- _Material for this exercise_
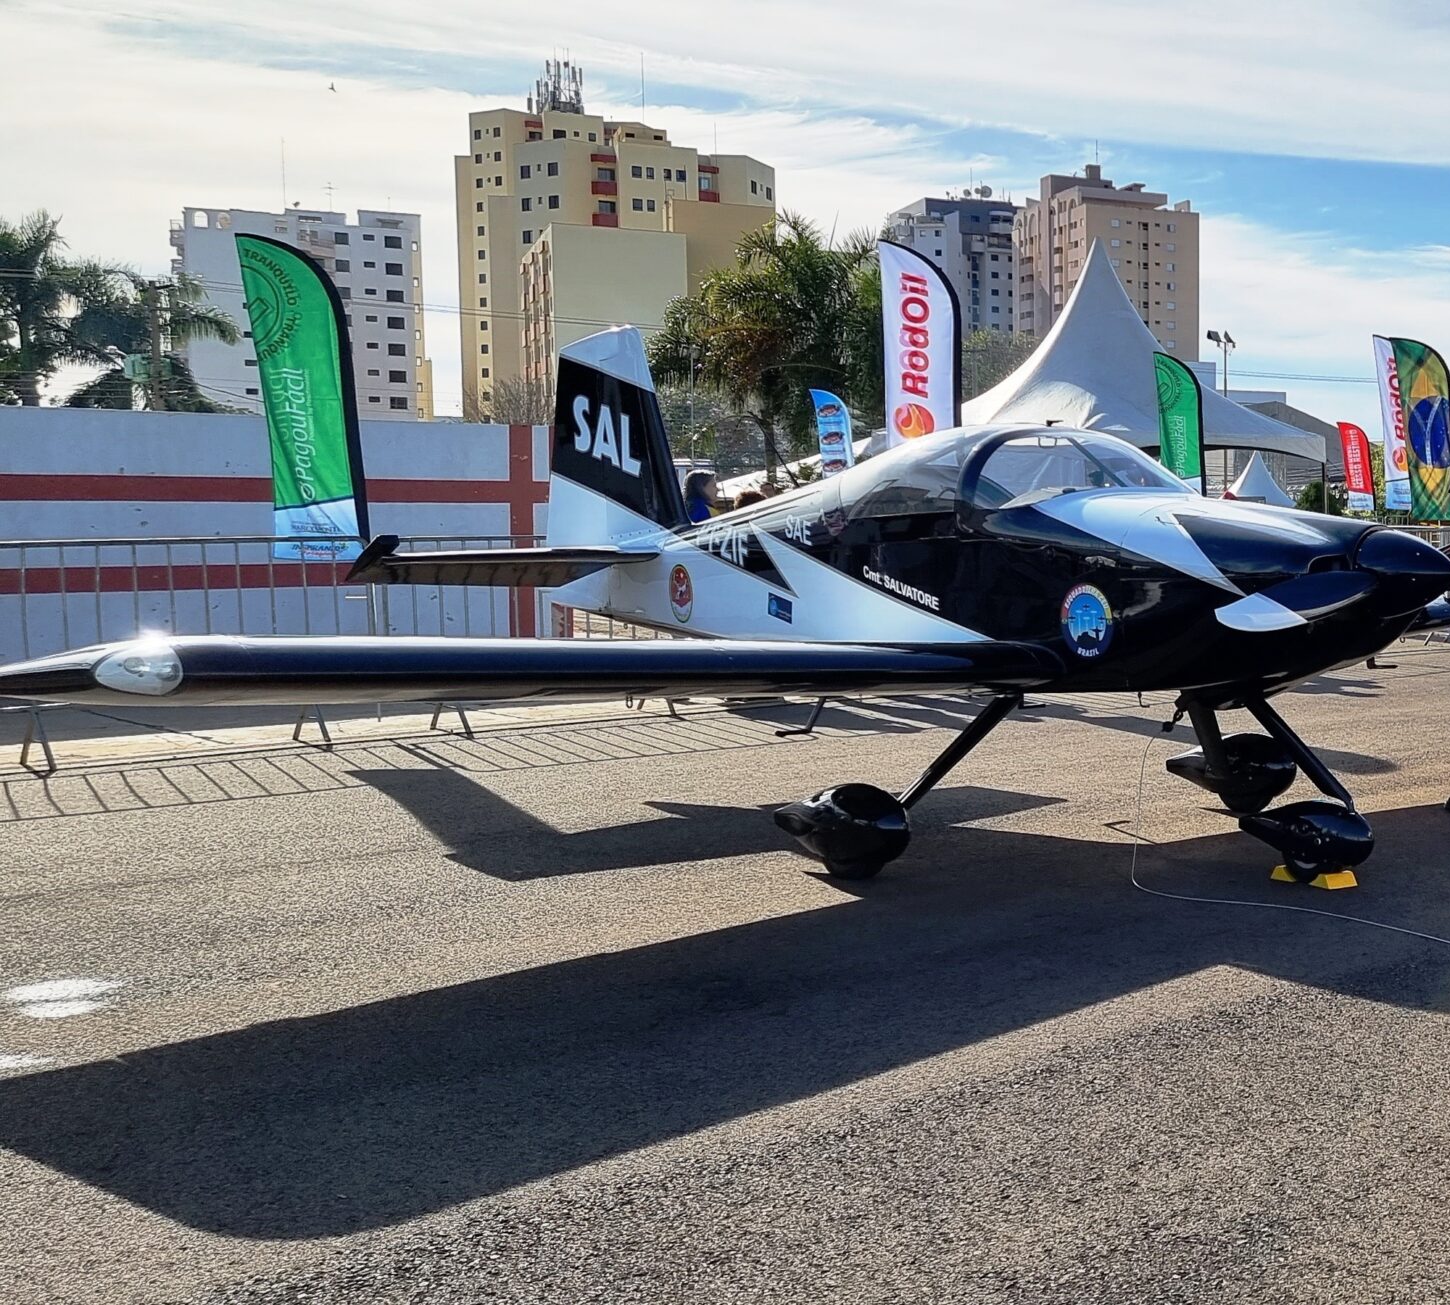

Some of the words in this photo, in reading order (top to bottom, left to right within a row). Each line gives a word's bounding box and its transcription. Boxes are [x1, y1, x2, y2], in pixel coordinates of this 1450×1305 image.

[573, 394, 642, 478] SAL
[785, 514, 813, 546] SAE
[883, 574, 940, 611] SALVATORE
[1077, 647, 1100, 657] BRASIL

- _Assigned task_
Since the pictures are not wanted, transcribe the rest of the listing above exactly.

- _Solution_
Some of the words in this photo, in reading order (top to bottom, left to right within a row). Each line gives a word's bounding box and its transcription. Boxes are [x1, y1, x2, y2], in pixel coordinates of this 1450×1305 image.

[573, 394, 642, 478] SAL
[785, 514, 813, 546] SAE
[883, 574, 940, 611] SALVATORE
[1077, 647, 1100, 657] BRASIL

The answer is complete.